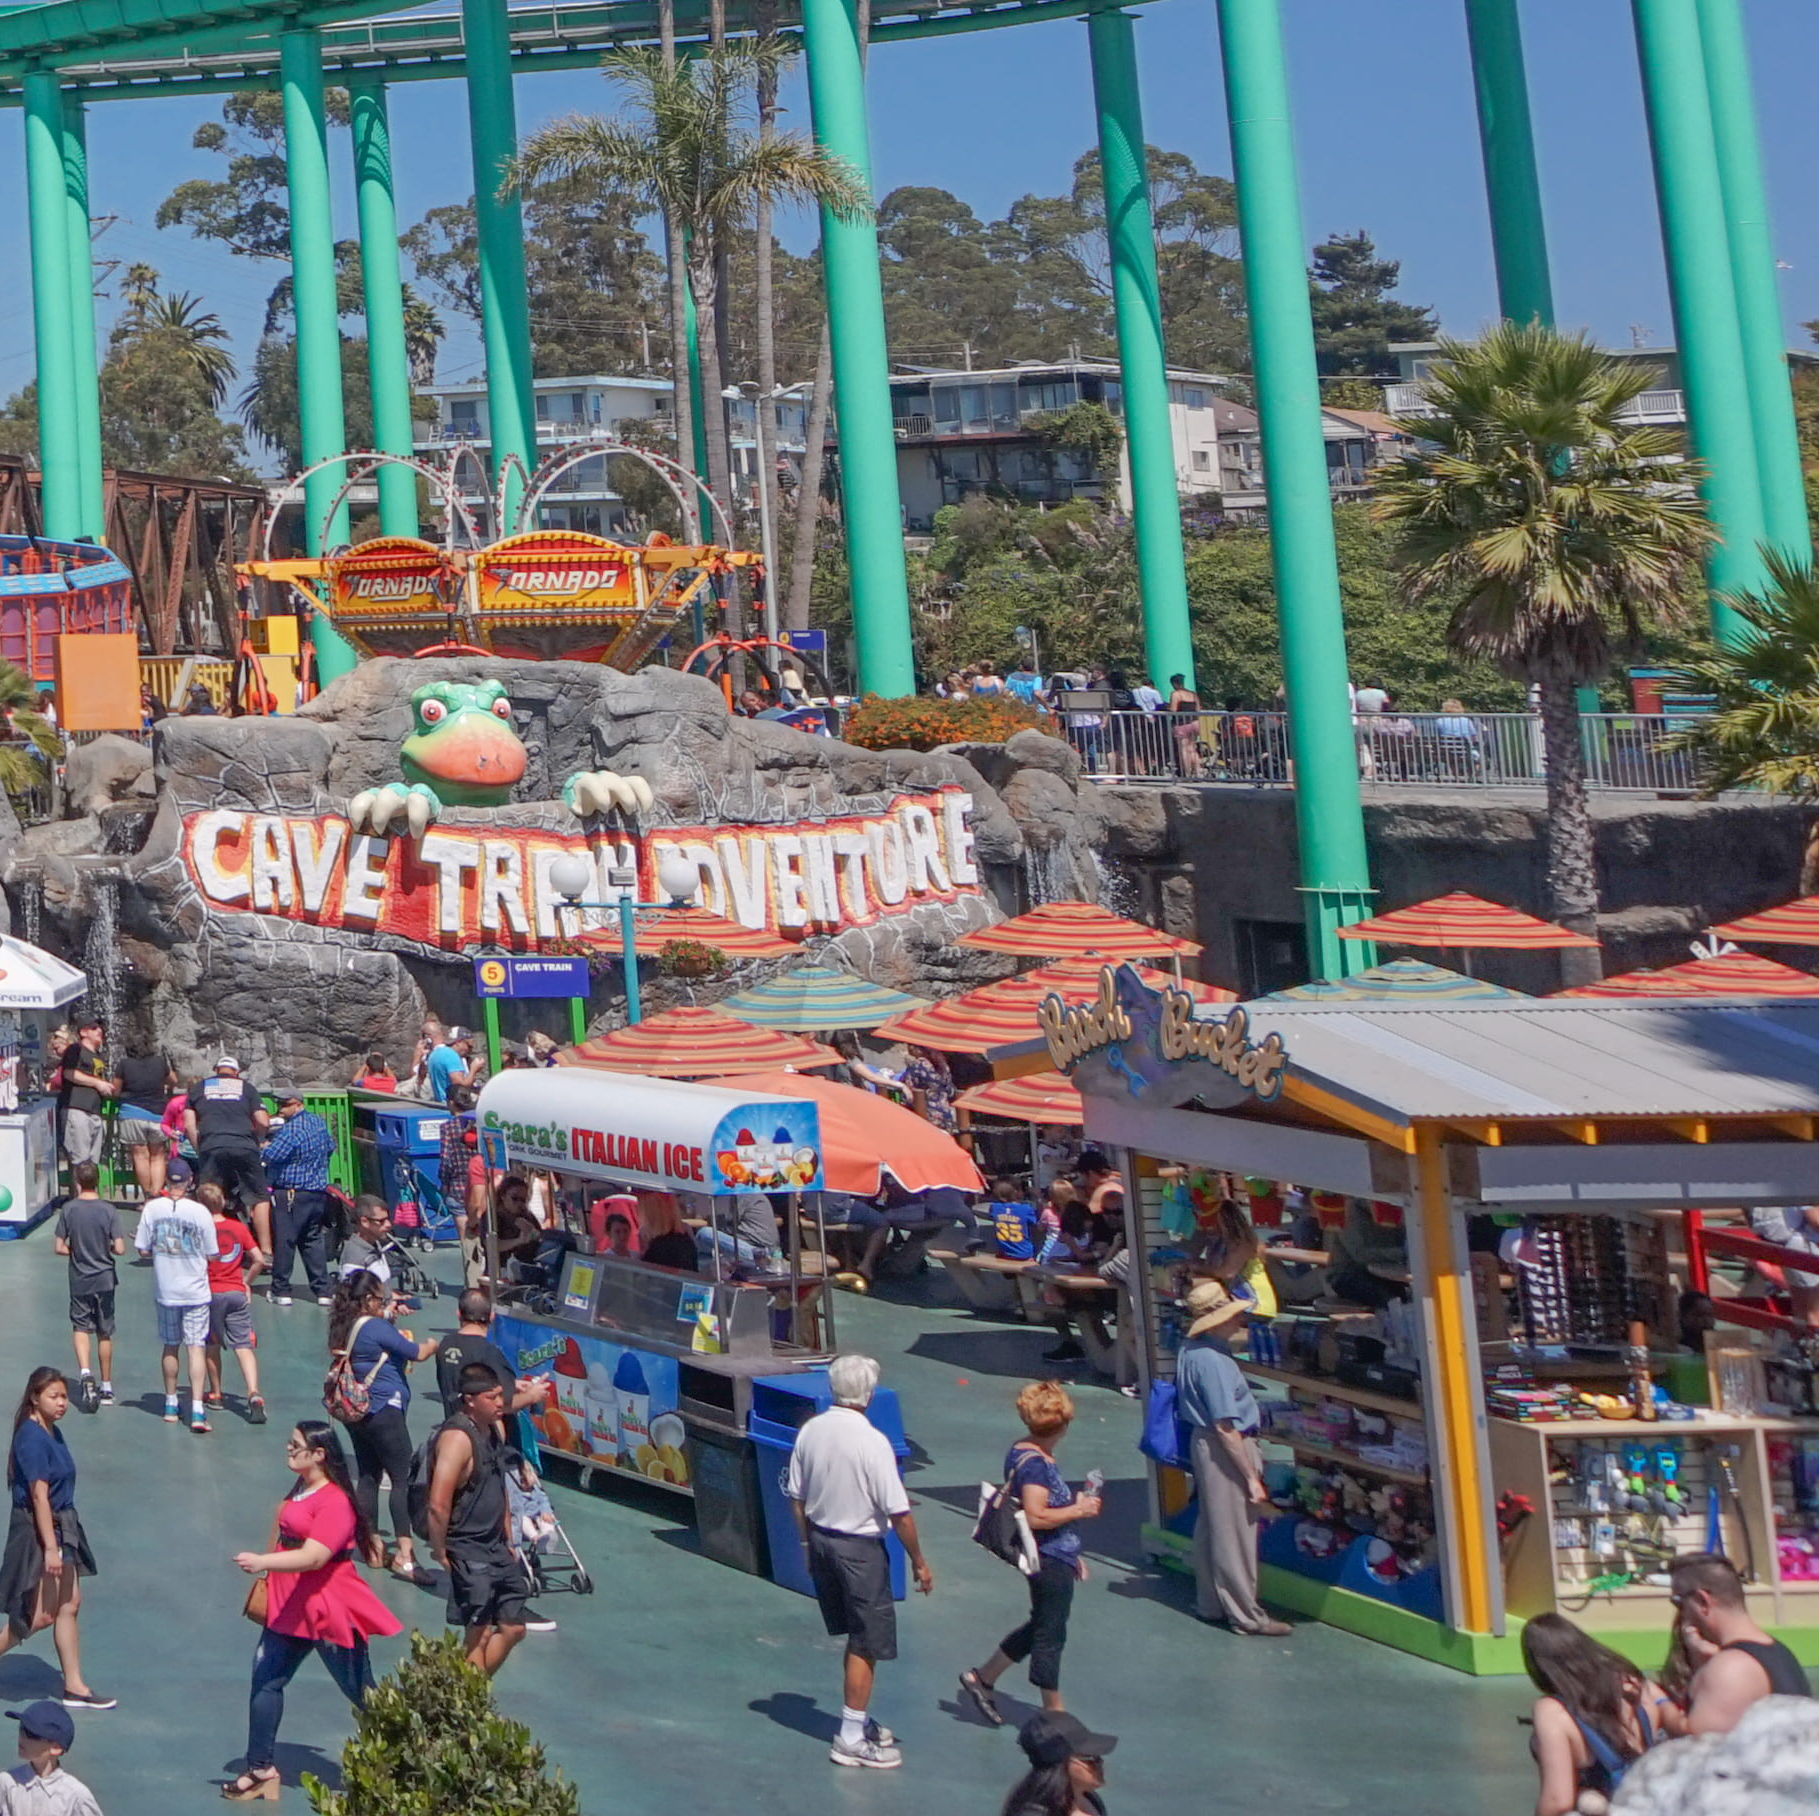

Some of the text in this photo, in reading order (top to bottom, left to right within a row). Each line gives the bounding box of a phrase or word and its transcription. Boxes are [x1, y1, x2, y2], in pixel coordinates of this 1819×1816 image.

[490, 568, 618, 599] TORNADO
[192, 809, 389, 920] CAVE
[421, 836, 638, 937] TRAIN
[487, 967, 498, 980] 5
[515, 963, 573, 972] CAVE TRAIN
[1037, 965, 1286, 1098] Beach Bucket
[484, 1111, 568, 1152] Scara's
[571, 1127, 659, 1175] ITALIAN
[663, 1142, 705, 1183] ICE
[995, 1222, 1024, 1242] 35
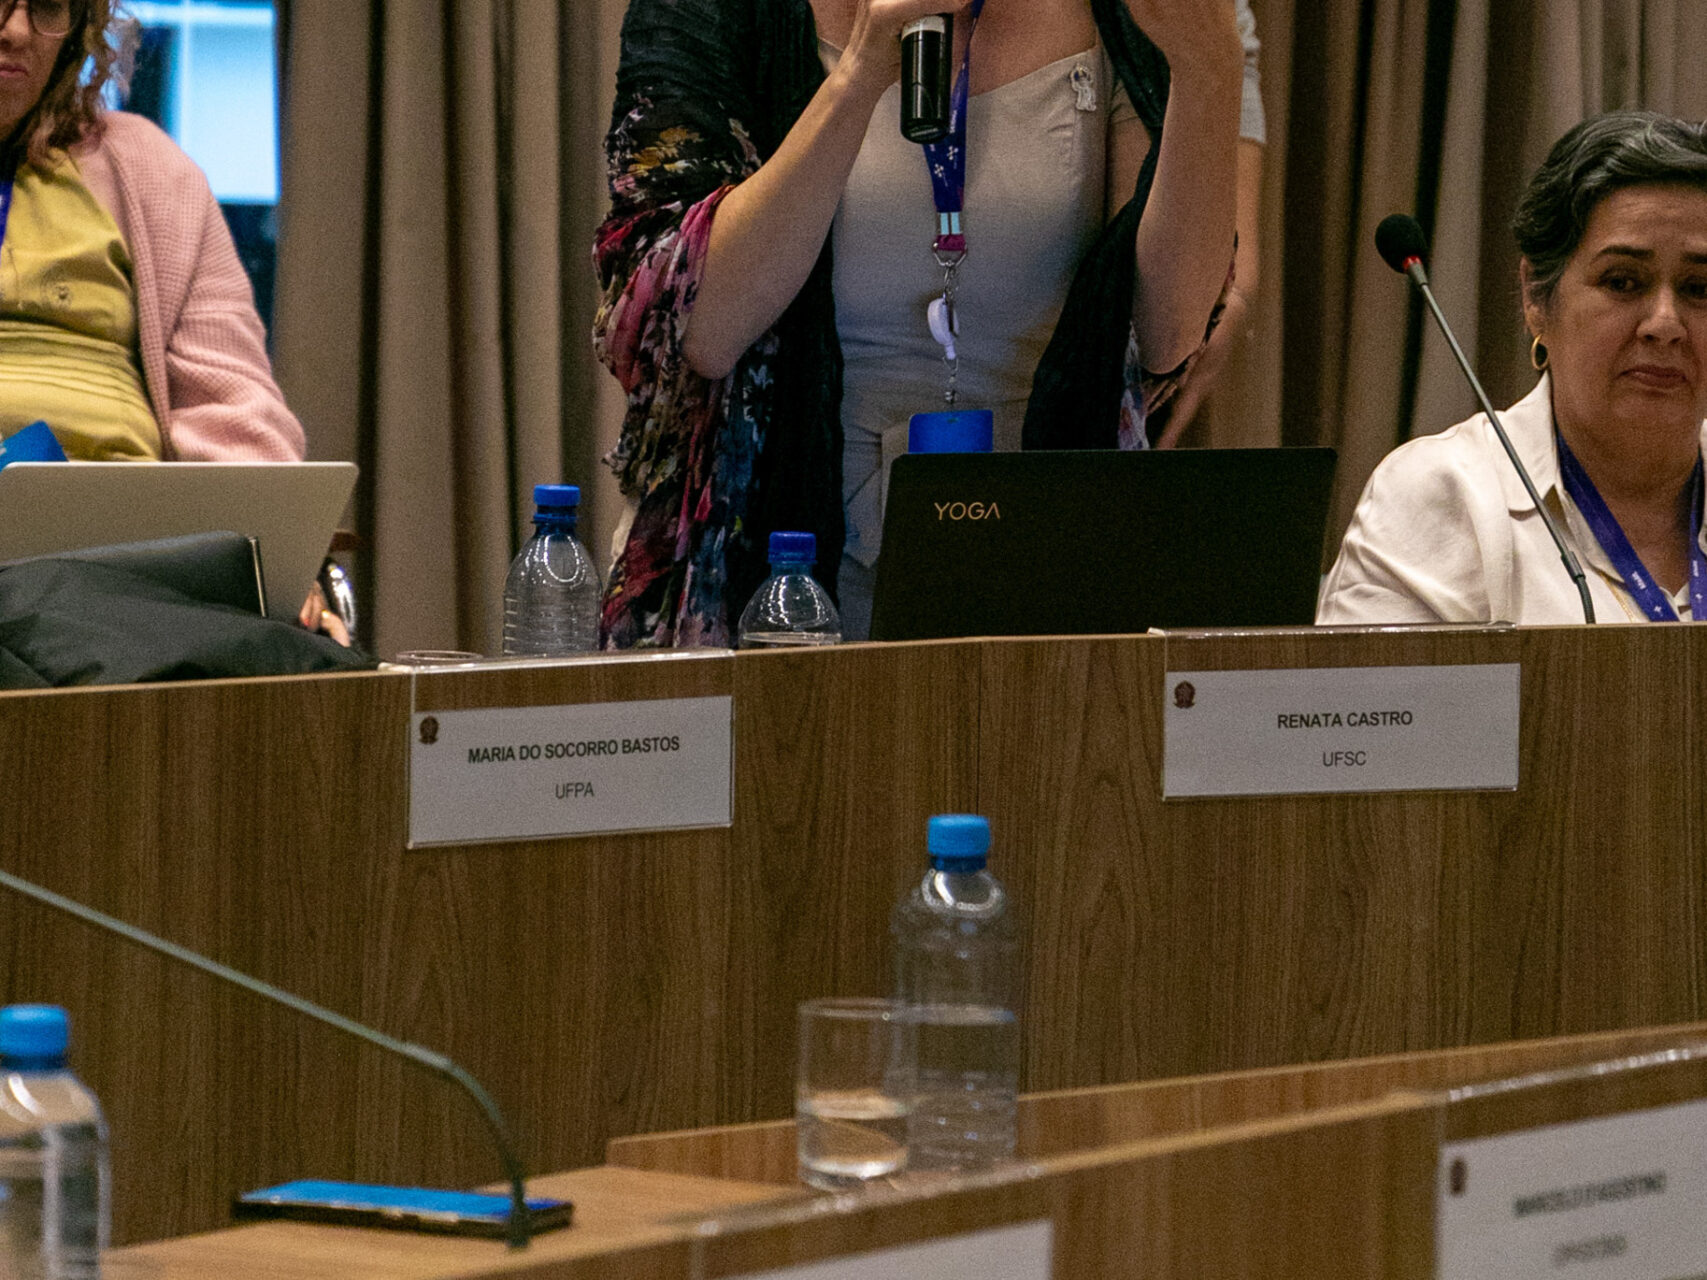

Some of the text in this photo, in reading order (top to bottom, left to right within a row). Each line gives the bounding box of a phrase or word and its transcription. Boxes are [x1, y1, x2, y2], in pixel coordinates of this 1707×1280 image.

# # # #

(What this task involves) When pictures appear among the entries, skip them and copy all remaining text precisely.

(Result of the task)
Some of the text in this photo, in reading order (top to bottom, left to right within a row). Each line gives the bounding box of a phrase or word and its transcription. Boxes are [x1, y1, x2, y2], in pixel coordinates of this 1819×1816 image.

[490, 568, 618, 599] TORNADO
[192, 809, 389, 920] CAVE
[421, 836, 638, 937] TRAIN
[487, 967, 498, 980] 5
[515, 963, 573, 972] CAVE TRAIN
[1037, 965, 1286, 1098] Beach Bucket
[484, 1111, 568, 1152] Scara's
[571, 1127, 659, 1175] ITALIAN
[663, 1142, 705, 1183] ICE
[995, 1222, 1024, 1242] 35

Some of the text in this photo, in reading order (top to bottom, left to right within a row). Each line gives the bounding box of a phrase or word and its transcription. Boxes are [x1, y1, x2, y2], in pixel coordinates of this 1707×1280 image.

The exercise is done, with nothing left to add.